+++ Source records

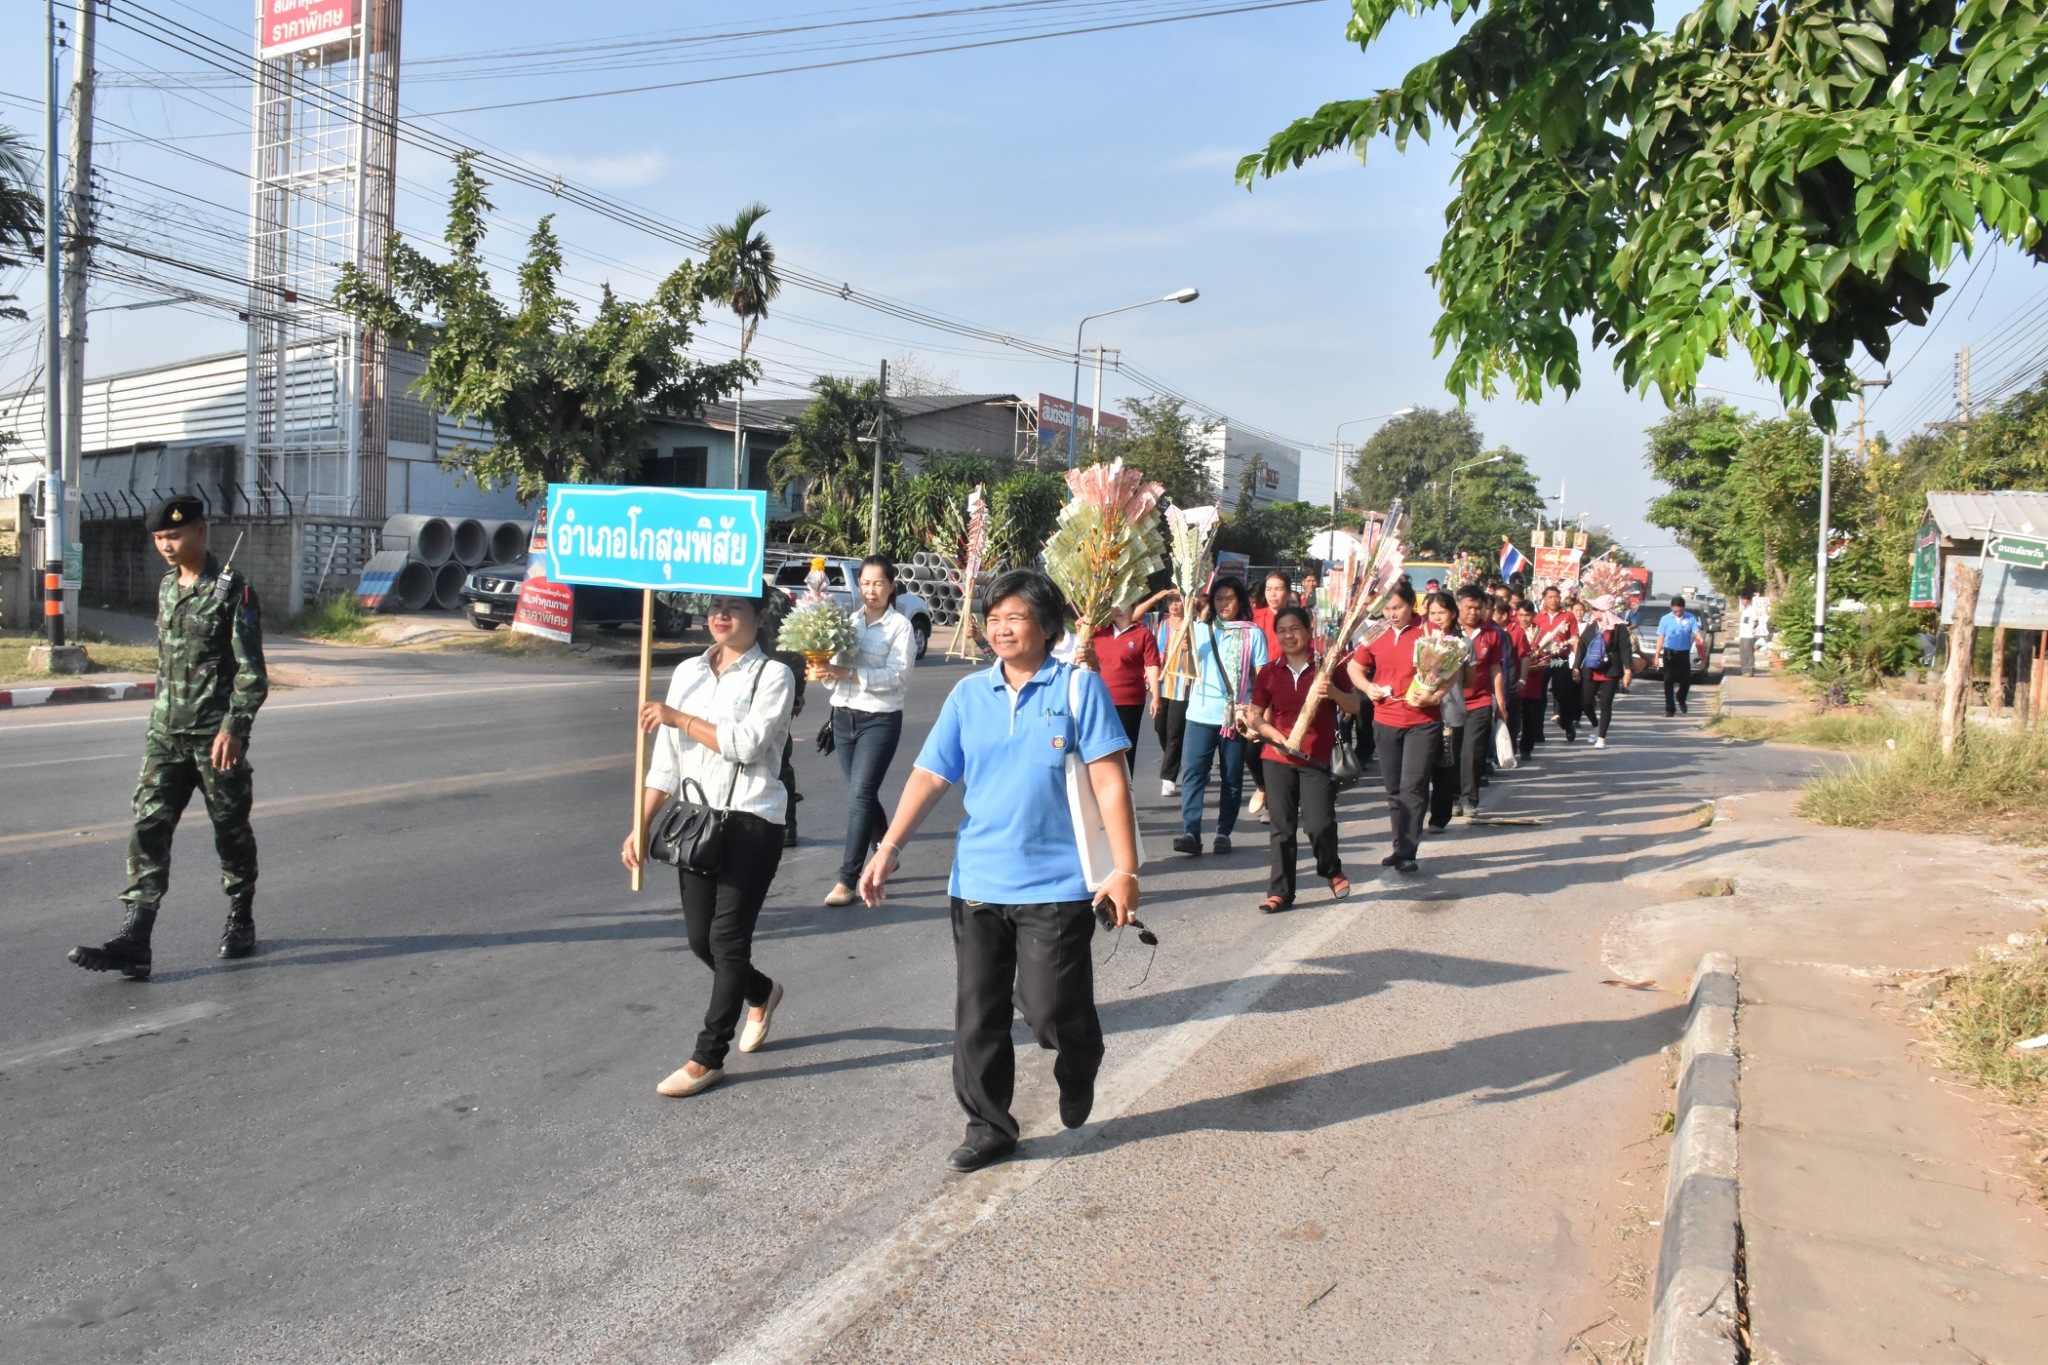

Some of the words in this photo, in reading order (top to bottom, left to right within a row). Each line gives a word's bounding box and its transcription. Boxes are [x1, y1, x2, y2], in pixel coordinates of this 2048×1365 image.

[272, 8, 343, 42] ราคาพิเศษ
[558, 506, 747, 580] อำเภอโกสุมพิสัย
[522, 593, 569, 611] สินค้าคุณภาพ
[519, 608, 568, 627] ราคาพิเศษ
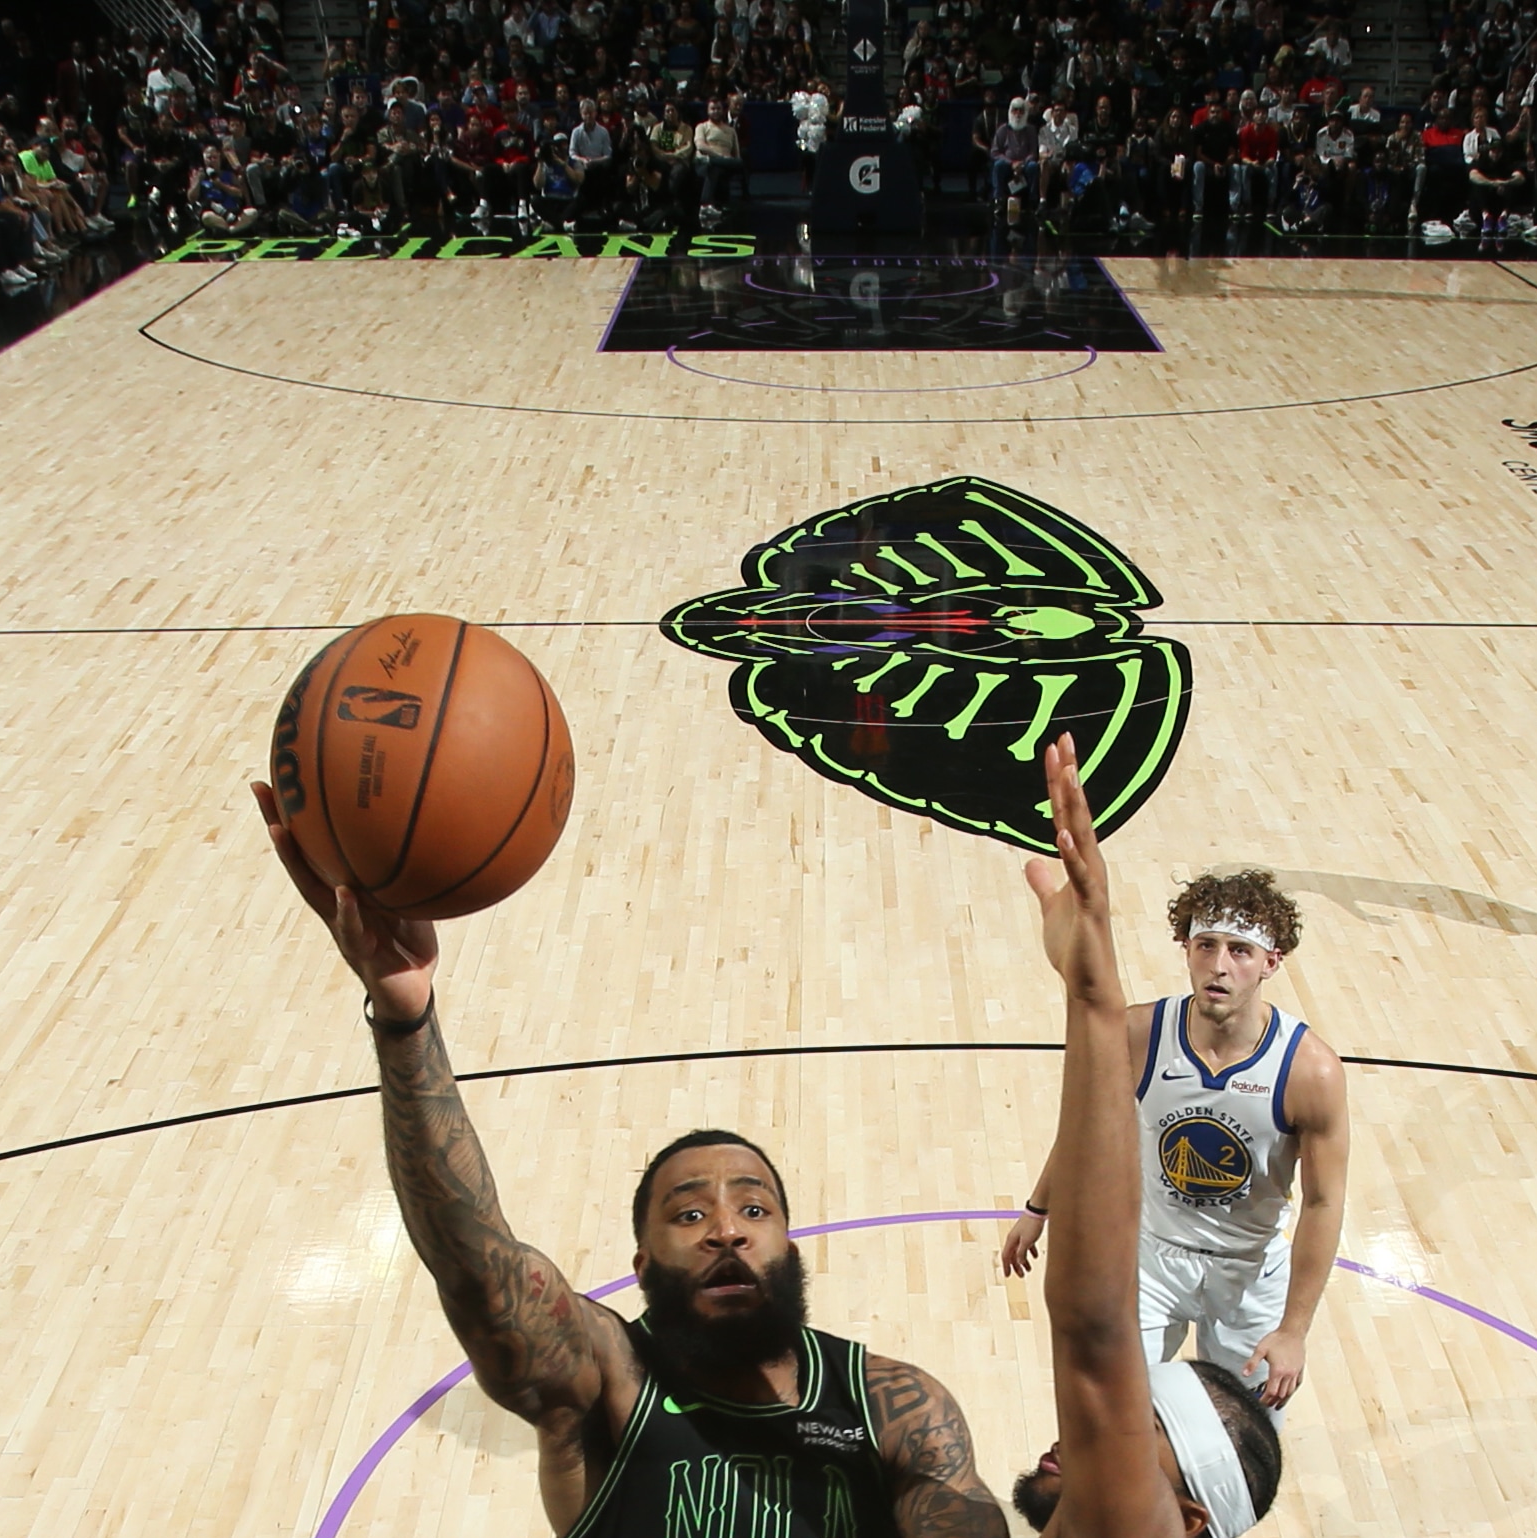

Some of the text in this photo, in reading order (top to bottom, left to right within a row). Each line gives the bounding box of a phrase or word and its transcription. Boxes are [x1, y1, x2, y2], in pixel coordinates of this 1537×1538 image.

++++++

→ **Task goal**:
Keep each line of the records exactly as it is while transcribing them, but leave the images behind.

→ **Reply to the exercise**:
Some of the words in this photo, in reading order (top to bottom, left to right within a row). Each line gives a word's bounding box and its transcription. Boxes are [x1, y1, x2, y2], in pixel coordinates of this 2048×1365 image.

[272, 8, 343, 42] ราคาพิเศษ
[558, 506, 747, 580] อำเภอโกสุมพิสัย
[522, 593, 569, 611] สินค้าคุณภาพ
[519, 608, 568, 627] ราคาพิเศษ

Some of the text in this photo, in reading order (top to bottom, left to right within a row). Each line gives the bounding box of a phrase or word and its transcription. Boxes are [x1, y1, x2, y2], in pixel coordinates of this 1537×1538 image.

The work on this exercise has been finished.